Stored items from a collection:
++++++

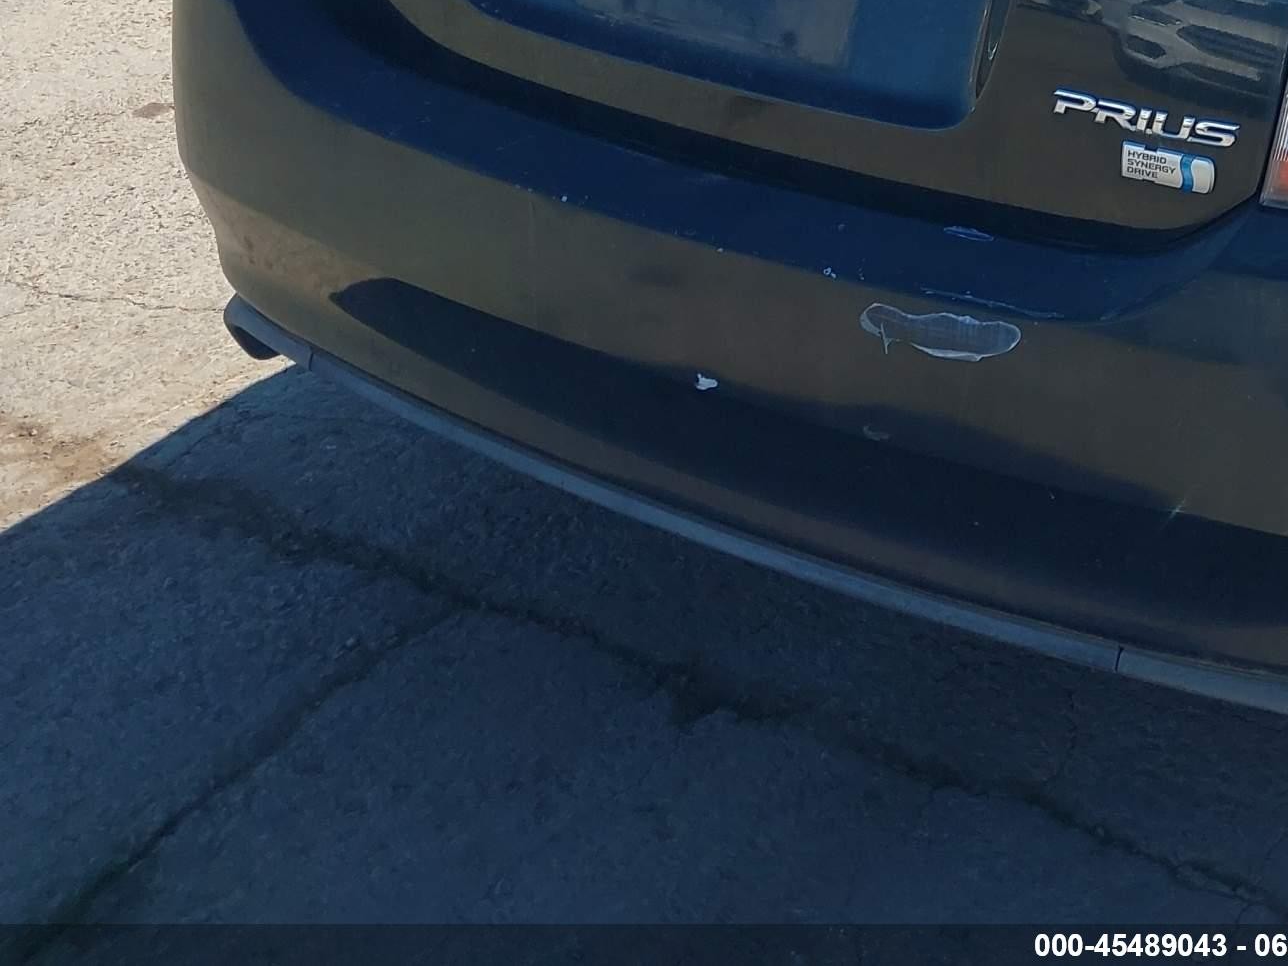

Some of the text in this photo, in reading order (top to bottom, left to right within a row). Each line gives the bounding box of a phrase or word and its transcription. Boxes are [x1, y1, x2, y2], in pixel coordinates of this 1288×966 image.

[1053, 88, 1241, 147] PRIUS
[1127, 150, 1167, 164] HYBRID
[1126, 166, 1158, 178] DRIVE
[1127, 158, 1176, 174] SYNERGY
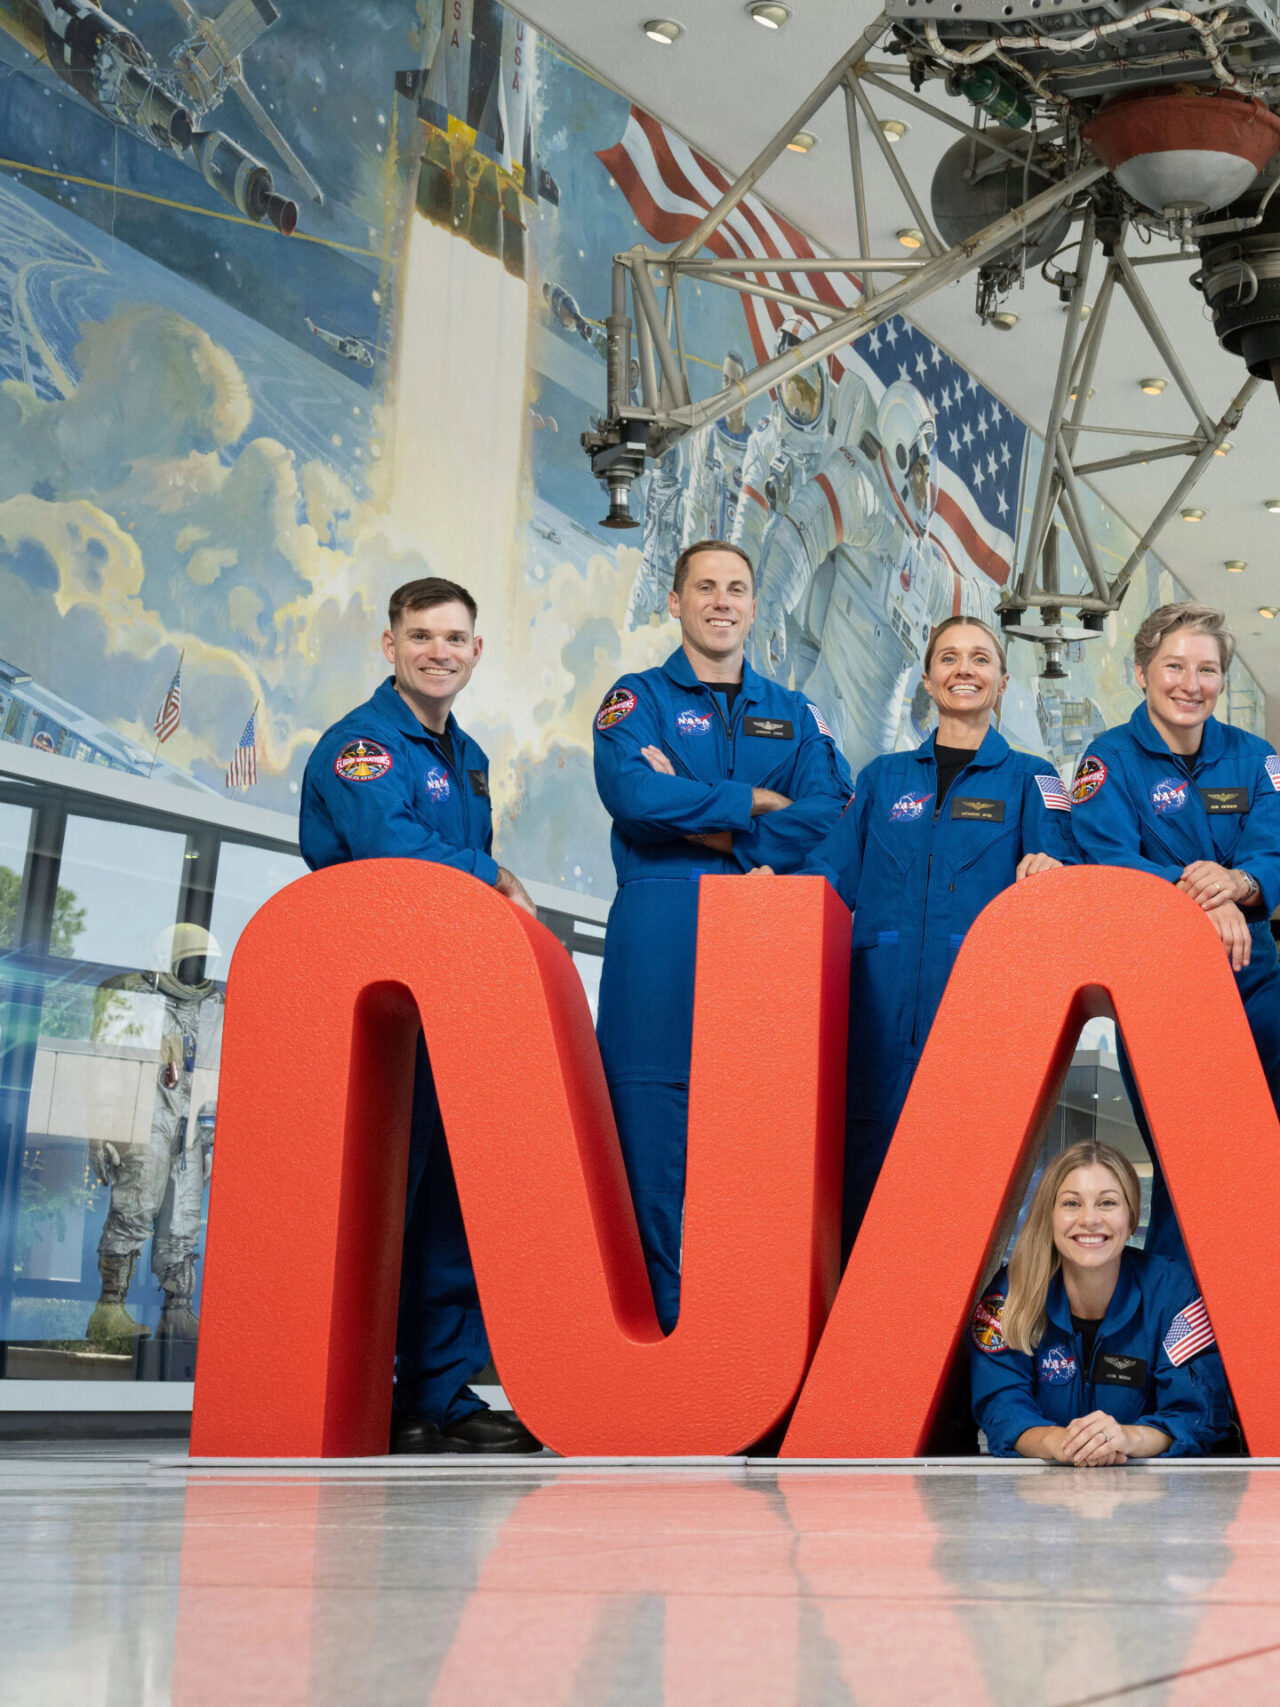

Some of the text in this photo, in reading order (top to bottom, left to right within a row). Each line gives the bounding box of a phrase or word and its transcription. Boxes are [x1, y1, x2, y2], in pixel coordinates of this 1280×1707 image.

++++++

[Your goal]:
Please retype the records above exactly, leaving every image out.

[Reply]:
Some of the text in this photo, in reading order (top to bottom, left to right within a row). Each line gives the bounding box of a phrase or word and its transcription. Boxes are [x1, y1, x2, y2], in pixel coordinates of this 1288×966 image.

[1053, 88, 1241, 147] PRIUS
[1127, 150, 1167, 164] HYBRID
[1126, 166, 1158, 178] DRIVE
[1127, 158, 1176, 174] SYNERGY

Some of the text in this photo, in reading order (top to bottom, left to right within a row). Each line gives the bounding box of a phrase or word and its transcription. Boxes are [x1, y1, x2, y2], in pixel coordinates of this 1280×1707 image.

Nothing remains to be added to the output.